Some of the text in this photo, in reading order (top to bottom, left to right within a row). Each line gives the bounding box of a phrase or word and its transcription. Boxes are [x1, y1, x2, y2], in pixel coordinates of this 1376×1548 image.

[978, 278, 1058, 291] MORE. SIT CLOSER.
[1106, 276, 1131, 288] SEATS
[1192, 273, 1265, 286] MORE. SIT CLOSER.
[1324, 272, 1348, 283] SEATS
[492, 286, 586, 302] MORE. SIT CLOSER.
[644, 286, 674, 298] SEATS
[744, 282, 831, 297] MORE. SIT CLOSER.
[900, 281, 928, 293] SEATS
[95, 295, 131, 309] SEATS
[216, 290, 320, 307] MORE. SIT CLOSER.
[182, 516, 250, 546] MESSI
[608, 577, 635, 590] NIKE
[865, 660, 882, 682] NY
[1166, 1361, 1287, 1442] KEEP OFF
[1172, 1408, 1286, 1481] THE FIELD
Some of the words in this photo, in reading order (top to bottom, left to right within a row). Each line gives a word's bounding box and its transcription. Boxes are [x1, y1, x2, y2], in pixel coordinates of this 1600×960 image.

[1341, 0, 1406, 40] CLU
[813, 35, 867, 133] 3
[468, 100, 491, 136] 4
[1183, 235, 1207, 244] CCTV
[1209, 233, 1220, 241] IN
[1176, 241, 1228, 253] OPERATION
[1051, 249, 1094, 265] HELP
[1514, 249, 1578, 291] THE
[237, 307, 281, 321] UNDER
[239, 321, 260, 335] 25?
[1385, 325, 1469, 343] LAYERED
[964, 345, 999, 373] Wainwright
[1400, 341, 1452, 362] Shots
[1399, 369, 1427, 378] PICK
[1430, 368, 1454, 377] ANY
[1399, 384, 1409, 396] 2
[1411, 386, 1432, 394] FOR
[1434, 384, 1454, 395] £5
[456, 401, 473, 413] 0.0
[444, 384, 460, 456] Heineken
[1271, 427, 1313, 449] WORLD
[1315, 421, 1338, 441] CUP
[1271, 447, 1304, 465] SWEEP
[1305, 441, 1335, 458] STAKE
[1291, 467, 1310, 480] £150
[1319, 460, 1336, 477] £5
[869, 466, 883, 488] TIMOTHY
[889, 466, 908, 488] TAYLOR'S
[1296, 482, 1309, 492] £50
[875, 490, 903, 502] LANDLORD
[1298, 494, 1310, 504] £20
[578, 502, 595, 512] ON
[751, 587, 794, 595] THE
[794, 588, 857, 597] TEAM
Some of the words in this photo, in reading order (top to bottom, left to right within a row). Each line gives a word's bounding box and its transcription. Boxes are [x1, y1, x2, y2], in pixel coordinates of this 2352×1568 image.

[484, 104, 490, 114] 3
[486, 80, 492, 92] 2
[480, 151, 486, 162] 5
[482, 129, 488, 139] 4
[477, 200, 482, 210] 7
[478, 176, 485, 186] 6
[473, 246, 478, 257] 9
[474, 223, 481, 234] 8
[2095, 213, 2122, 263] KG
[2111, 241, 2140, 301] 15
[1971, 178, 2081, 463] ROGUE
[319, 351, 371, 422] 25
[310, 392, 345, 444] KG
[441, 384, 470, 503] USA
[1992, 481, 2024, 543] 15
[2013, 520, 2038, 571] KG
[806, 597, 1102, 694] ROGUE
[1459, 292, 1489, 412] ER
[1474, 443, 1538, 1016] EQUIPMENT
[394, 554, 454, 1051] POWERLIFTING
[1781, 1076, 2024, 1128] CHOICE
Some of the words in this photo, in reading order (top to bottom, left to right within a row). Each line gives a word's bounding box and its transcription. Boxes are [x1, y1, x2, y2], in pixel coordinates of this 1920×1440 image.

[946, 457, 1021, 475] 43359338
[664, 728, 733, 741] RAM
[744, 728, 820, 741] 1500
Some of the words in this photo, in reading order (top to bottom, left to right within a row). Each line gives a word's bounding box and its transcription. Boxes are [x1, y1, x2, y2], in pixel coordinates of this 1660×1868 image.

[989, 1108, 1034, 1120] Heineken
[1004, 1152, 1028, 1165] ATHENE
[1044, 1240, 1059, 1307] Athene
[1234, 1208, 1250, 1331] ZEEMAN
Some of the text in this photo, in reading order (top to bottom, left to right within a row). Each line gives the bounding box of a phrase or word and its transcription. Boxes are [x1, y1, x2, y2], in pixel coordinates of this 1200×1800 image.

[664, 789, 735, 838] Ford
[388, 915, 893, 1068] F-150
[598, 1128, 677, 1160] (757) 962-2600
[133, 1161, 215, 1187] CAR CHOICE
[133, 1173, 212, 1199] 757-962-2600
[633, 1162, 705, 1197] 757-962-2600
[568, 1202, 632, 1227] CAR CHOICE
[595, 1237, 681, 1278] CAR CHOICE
************
Transcribe the records in full, word for word.

* ANSWER TO THIS PROBLEM:
Some of the text in this photo, in reading order (top to bottom, left to right within a row). Each line gives the bounding box of a phrase or word and its transcription. Boxes are [x1, y1, x2, y2], in pixel coordinates of this 1376×1548 image.

[978, 278, 1058, 291] MORE. SIT CLOSER.
[1106, 276, 1131, 288] SEATS
[1192, 273, 1265, 286] MORE. SIT CLOSER.
[1324, 272, 1348, 283] SEATS
[492, 286, 586, 302] MORE. SIT CLOSER.
[644, 286, 674, 298] SEATS
[744, 282, 831, 297] MORE. SIT CLOSER.
[900, 281, 928, 293] SEATS
[95, 295, 131, 309] SEATS
[216, 290, 320, 307] MORE. SIT CLOSER.
[182, 516, 250, 546] MESSI
[608, 577, 635, 590] NIKE
[865, 660, 882, 682] NY
[1166, 1361, 1287, 1442] KEEP OFF
[1172, 1408, 1286, 1481] THE FIELD
Some of the words in this photo, in reading order (top to bottom, left to right within a row). Each line gives a word's bounding box and its transcription. Boxes are [x1, y1, x2, y2], in pixel coordinates of this 1600×960 image.

[1341, 0, 1406, 40] CLU
[813, 35, 867, 133] 3
[468, 100, 491, 136] 4
[1183, 235, 1207, 244] CCTV
[1209, 233, 1220, 241] IN
[1176, 241, 1228, 253] OPERATION
[1051, 249, 1094, 265] HELP
[1514, 249, 1578, 291] THE
[237, 307, 281, 321] UNDER
[239, 321, 260, 335] 25?
[1385, 325, 1469, 343] LAYERED
[964, 345, 999, 373] Wainwright
[1400, 341, 1452, 362] Shots
[1399, 369, 1427, 378] PICK
[1430, 368, 1454, 377] ANY
[1399, 384, 1409, 396] 2
[1411, 386, 1432, 394] FOR
[1434, 384, 1454, 395] £5
[456, 401, 473, 413] 0.0
[444, 384, 460, 456] Heineken
[1271, 427, 1313, 449] WORLD
[1315, 421, 1338, 441] CUP
[1271, 447, 1304, 465] SWEEP
[1305, 441, 1335, 458] STAKE
[1291, 467, 1310, 480] £150
[1319, 460, 1336, 477] £5
[869, 466, 883, 488] TIMOTHY
[889, 466, 908, 488] TAYLOR'S
[1296, 482, 1309, 492] £50
[875, 490, 903, 502] LANDLORD
[1298, 494, 1310, 504] £20
[578, 502, 595, 512] ON
[751, 587, 794, 595] THE
[794, 588, 857, 597] TEAM
Some of the words in this photo, in reading order (top to bottom, left to right within a row). Each line gives a word's bounding box and its transcription. Boxes are [x1, y1, x2, y2], in pixel coordinates of this 2352×1568 image.

[484, 104, 490, 114] 3
[486, 80, 492, 92] 2
[480, 151, 486, 162] 5
[482, 129, 488, 139] 4
[477, 200, 482, 210] 7
[478, 176, 485, 186] 6
[473, 246, 478, 257] 9
[474, 223, 481, 234] 8
[2095, 213, 2122, 263] KG
[2111, 241, 2140, 301] 15
[1971, 178, 2081, 463] ROGUE
[319, 351, 371, 422] 25
[310, 392, 345, 444] KG
[441, 384, 470, 503] USA
[1992, 481, 2024, 543] 15
[2013, 520, 2038, 571] KG
[806, 597, 1102, 694] ROGUE
[1459, 292, 1489, 412] ER
[1474, 443, 1538, 1016] EQUIPMENT
[394, 554, 454, 1051] POWERLIFTING
[1781, 1076, 2024, 1128] CHOICE
Some of the words in this photo, in reading order (top to bottom, left to right within a row). Each line gives a word's bounding box and its transcription. Boxes are [x1, y1, x2, y2], in pixel coordinates of this 1920×1440 image.

[946, 457, 1021, 475] 43359338
[664, 728, 733, 741] RAM
[744, 728, 820, 741] 1500
Some of the words in this photo, in reading order (top to bottom, left to right within a row). Each line gives a word's bounding box and its transcription. Boxes are [x1, y1, x2, y2], in pixel coordinates of this 1660×1868 image.

[989, 1108, 1034, 1120] Heineken
[1004, 1152, 1028, 1165] ATHENE
[1044, 1240, 1059, 1307] Athene
[1234, 1208, 1250, 1331] ZEEMAN
Some of the text in this photo, in reading order (top to bottom, left to right within a row). Each line gives the bounding box of a phrase or word and its transcription. Boxes are [x1, y1, x2, y2], in pixel coordinates of this 1200×1800 image.

[664, 789, 735, 838] Ford
[388, 915, 893, 1068] F-150
[598, 1128, 677, 1160] (757) 962-2600
[133, 1161, 215, 1187] CAR CHOICE
[133, 1173, 212, 1199] 757-962-2600
[633, 1162, 705, 1197] 757-962-2600
[568, 1202, 632, 1227] CAR CHOICE
[595, 1237, 681, 1278] CAR CHOICE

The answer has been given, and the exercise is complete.